__PROBLEM DETAILS__. The records should be repeated word for word, pictures excluded.

__MATERIAL SUPPLIED__.
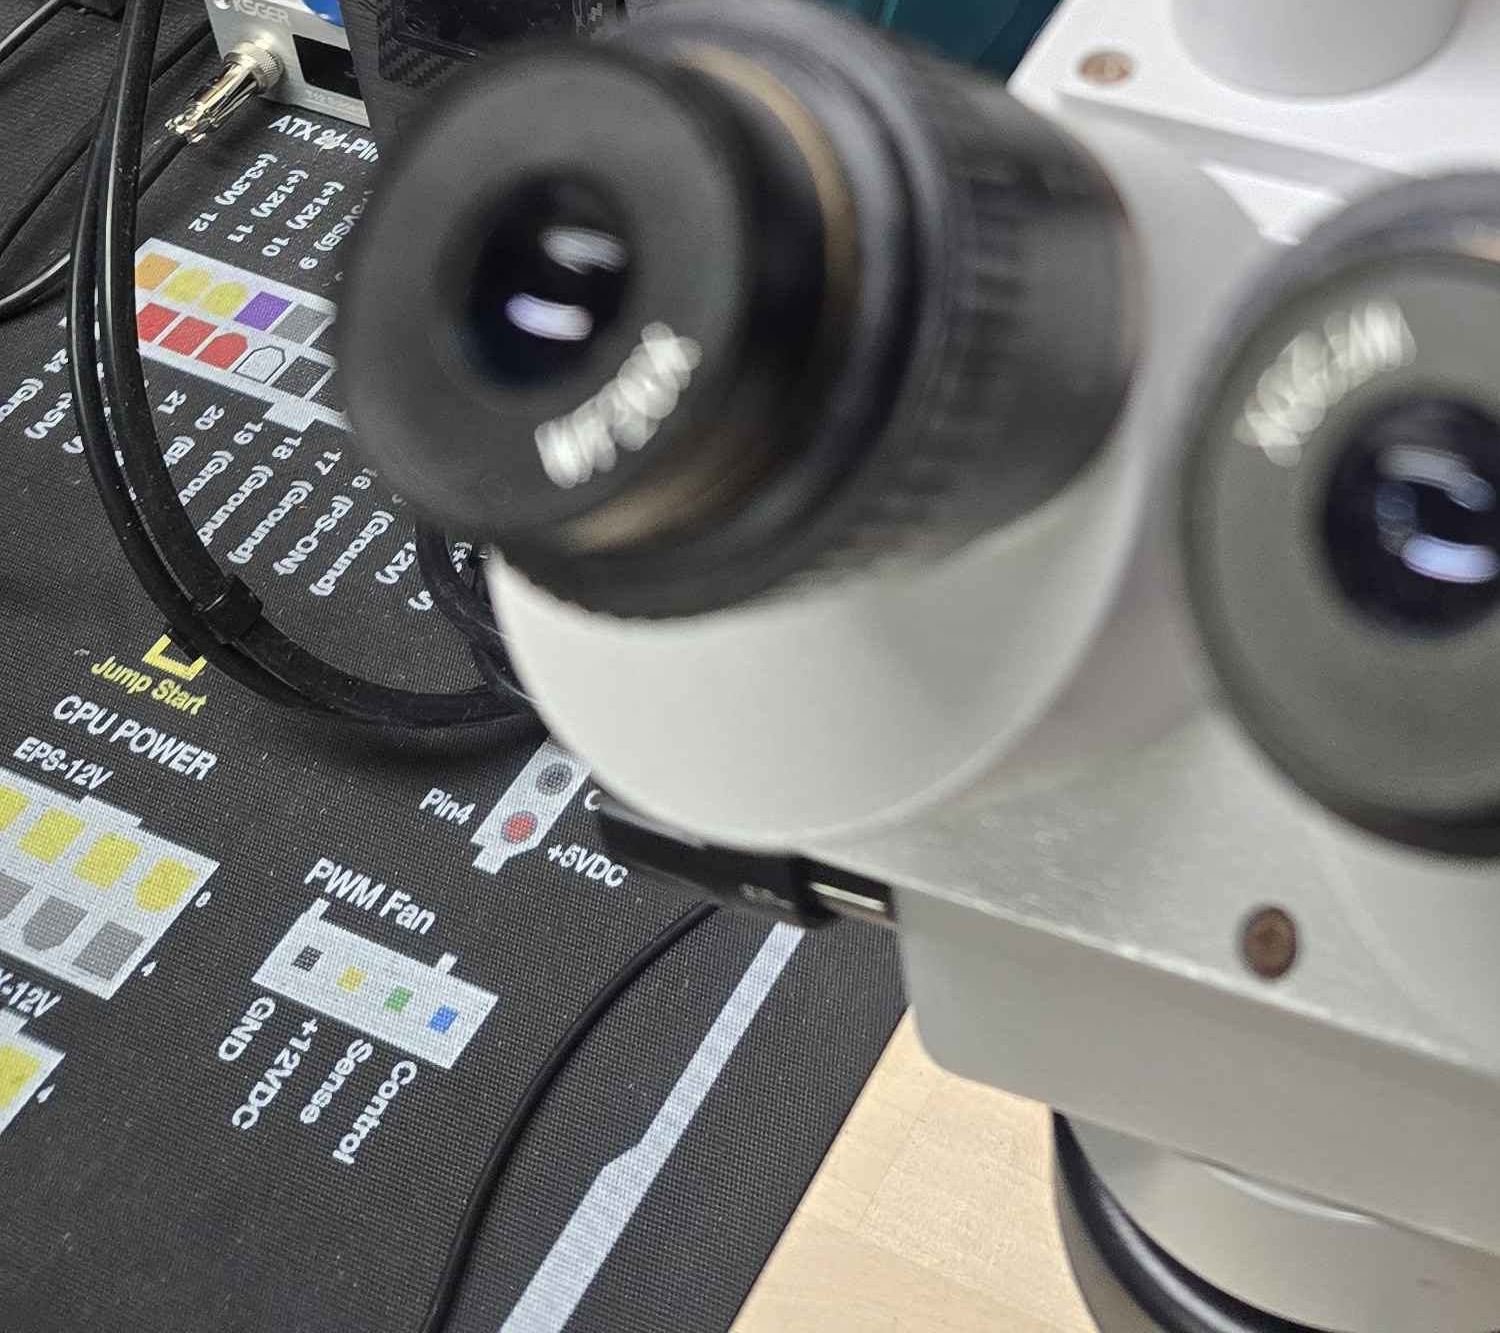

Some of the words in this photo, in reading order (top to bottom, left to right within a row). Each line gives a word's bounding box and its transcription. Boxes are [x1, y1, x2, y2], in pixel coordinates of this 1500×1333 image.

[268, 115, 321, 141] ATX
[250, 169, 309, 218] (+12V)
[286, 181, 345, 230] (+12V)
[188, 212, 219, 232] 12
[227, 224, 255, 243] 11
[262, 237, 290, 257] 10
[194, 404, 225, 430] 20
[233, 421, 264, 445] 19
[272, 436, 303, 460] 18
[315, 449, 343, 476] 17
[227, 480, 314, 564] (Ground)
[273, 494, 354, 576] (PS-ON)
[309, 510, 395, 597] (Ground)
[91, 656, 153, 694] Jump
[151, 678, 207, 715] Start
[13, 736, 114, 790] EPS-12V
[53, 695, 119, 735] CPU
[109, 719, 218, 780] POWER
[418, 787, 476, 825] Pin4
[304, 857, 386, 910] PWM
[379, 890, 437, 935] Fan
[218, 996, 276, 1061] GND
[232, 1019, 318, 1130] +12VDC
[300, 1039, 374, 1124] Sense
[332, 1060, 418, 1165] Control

__ANSWER SECTION__.
Some of the words in this photo, in reading order (top to bottom, left to right within a row). Each line gives a word's bounding box and its transcription. Boxes are [x1, y1, x2, y2], in pixel coordinates of this 1500×1333 image.

[268, 115, 321, 141] ATX
[250, 169, 309, 218] (+12V)
[286, 181, 345, 230] (+12V)
[188, 212, 219, 232] 12
[227, 224, 255, 243] 11
[262, 237, 290, 257] 10
[194, 404, 225, 430] 20
[233, 421, 264, 445] 19
[272, 436, 303, 460] 18
[315, 449, 343, 476] 17
[227, 480, 314, 564] (Ground)
[273, 494, 354, 576] (PS-ON)
[309, 510, 395, 597] (Ground)
[91, 656, 153, 694] Jump
[151, 678, 207, 715] Start
[13, 736, 114, 790] EPS-12V
[53, 695, 119, 735] CPU
[109, 719, 218, 780] POWER
[418, 787, 476, 825] Pin4
[304, 857, 386, 910] PWM
[379, 890, 437, 935] Fan
[218, 996, 276, 1061] GND
[232, 1019, 318, 1130] +12VDC
[300, 1039, 374, 1124] Sense
[332, 1060, 418, 1165] Control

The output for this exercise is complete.